To promote healthy market competition, the public policy has to evoke two things: competition
law and corporate governance. Competition policy and corporate governance are introduced as a
necessary step to take en route to developed nation status. While such policy changes have been
brought about cautiously, there has also been a fair degree of disciplining imposed given the
tough reality of the economic circumstance being currently faced. This paper will analyze the
current competition law of India and also make various recommendations to it that will enhance
the fair market status through the principles of corporate governance.
The aim is show that how the competition in the product market can act as an externality to the
corporate governance, and act as a check on the exercise Manager's discretionary power. There is
no doubt that there is a perfect linkage between the internal governance mechanism and the
performance of a corporation.
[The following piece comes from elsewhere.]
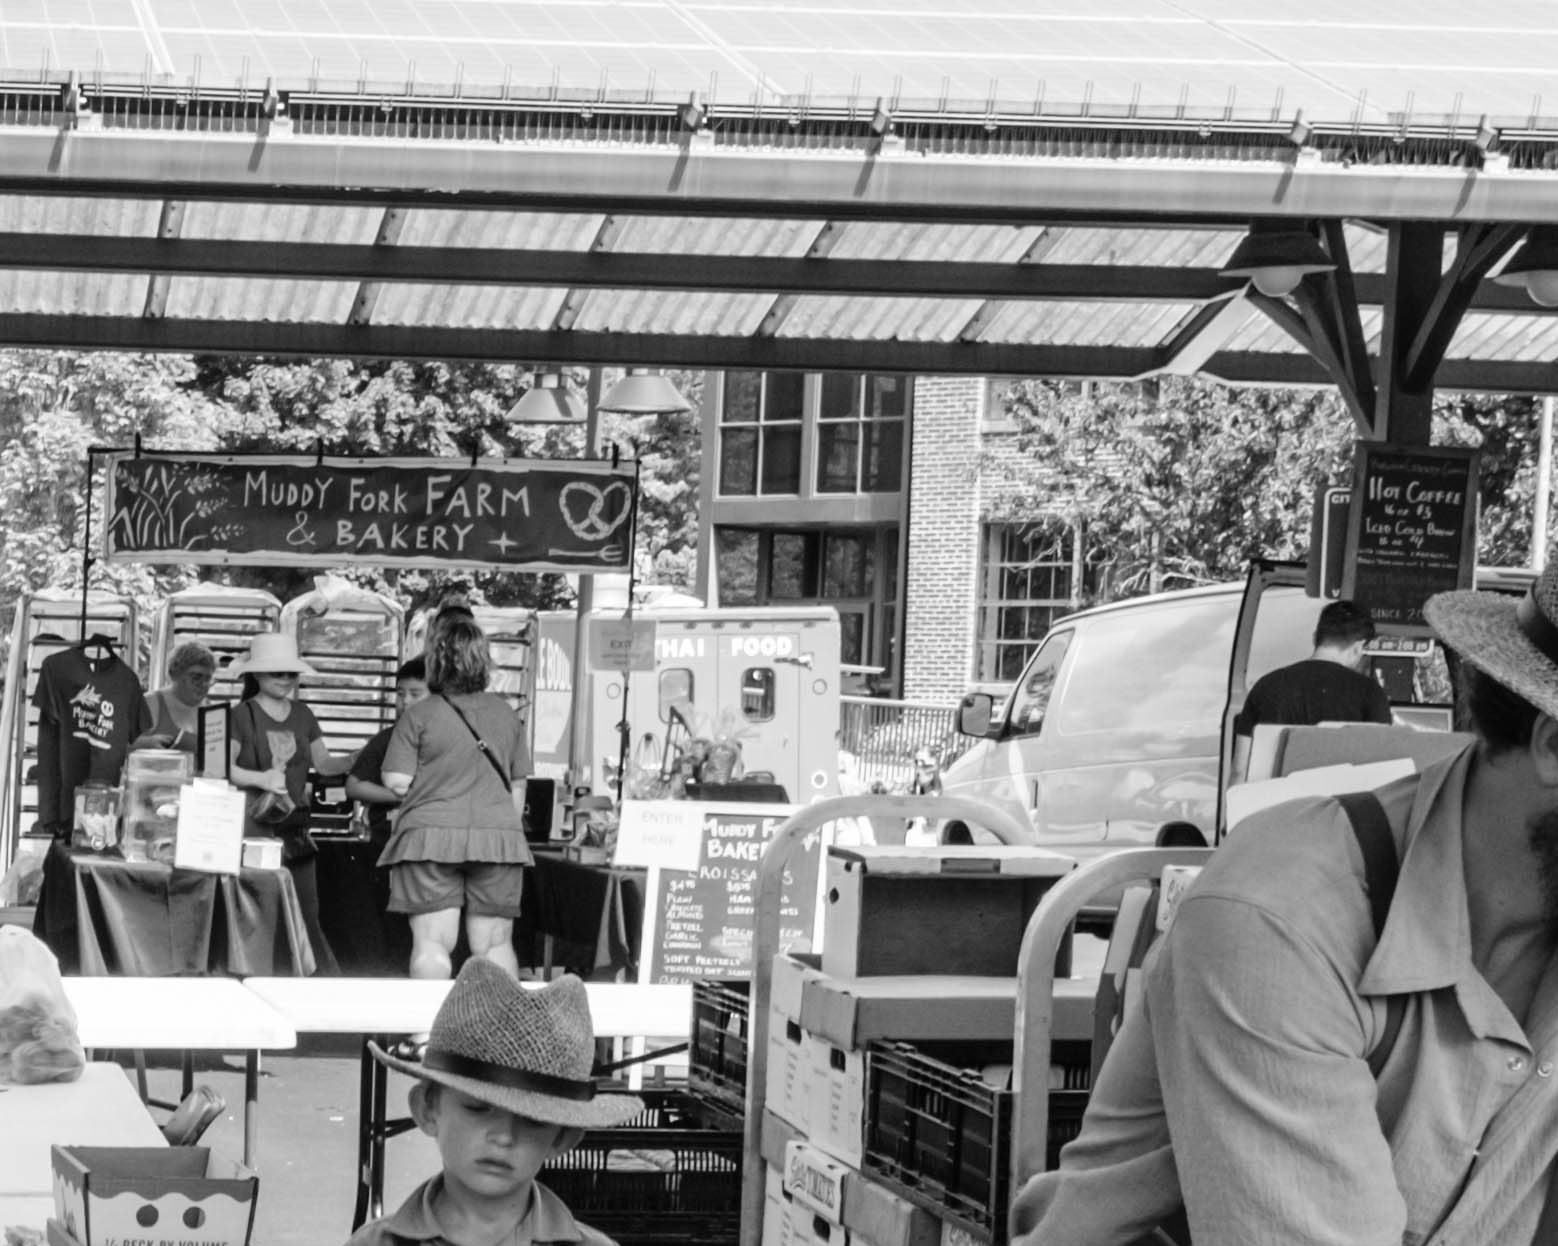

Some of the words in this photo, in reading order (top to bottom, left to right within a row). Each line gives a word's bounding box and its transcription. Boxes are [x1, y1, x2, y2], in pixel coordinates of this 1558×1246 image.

But it has to be remembered at the same time that the external
governance mechanisms including competition, as also of vital importance, though there has
been a very little attention given to the interaction between internal and external governance
mechanism in emerging market economies. Here the paper has tried to show the independent and
interaction effect of ownership and competition variable on firm level productivity.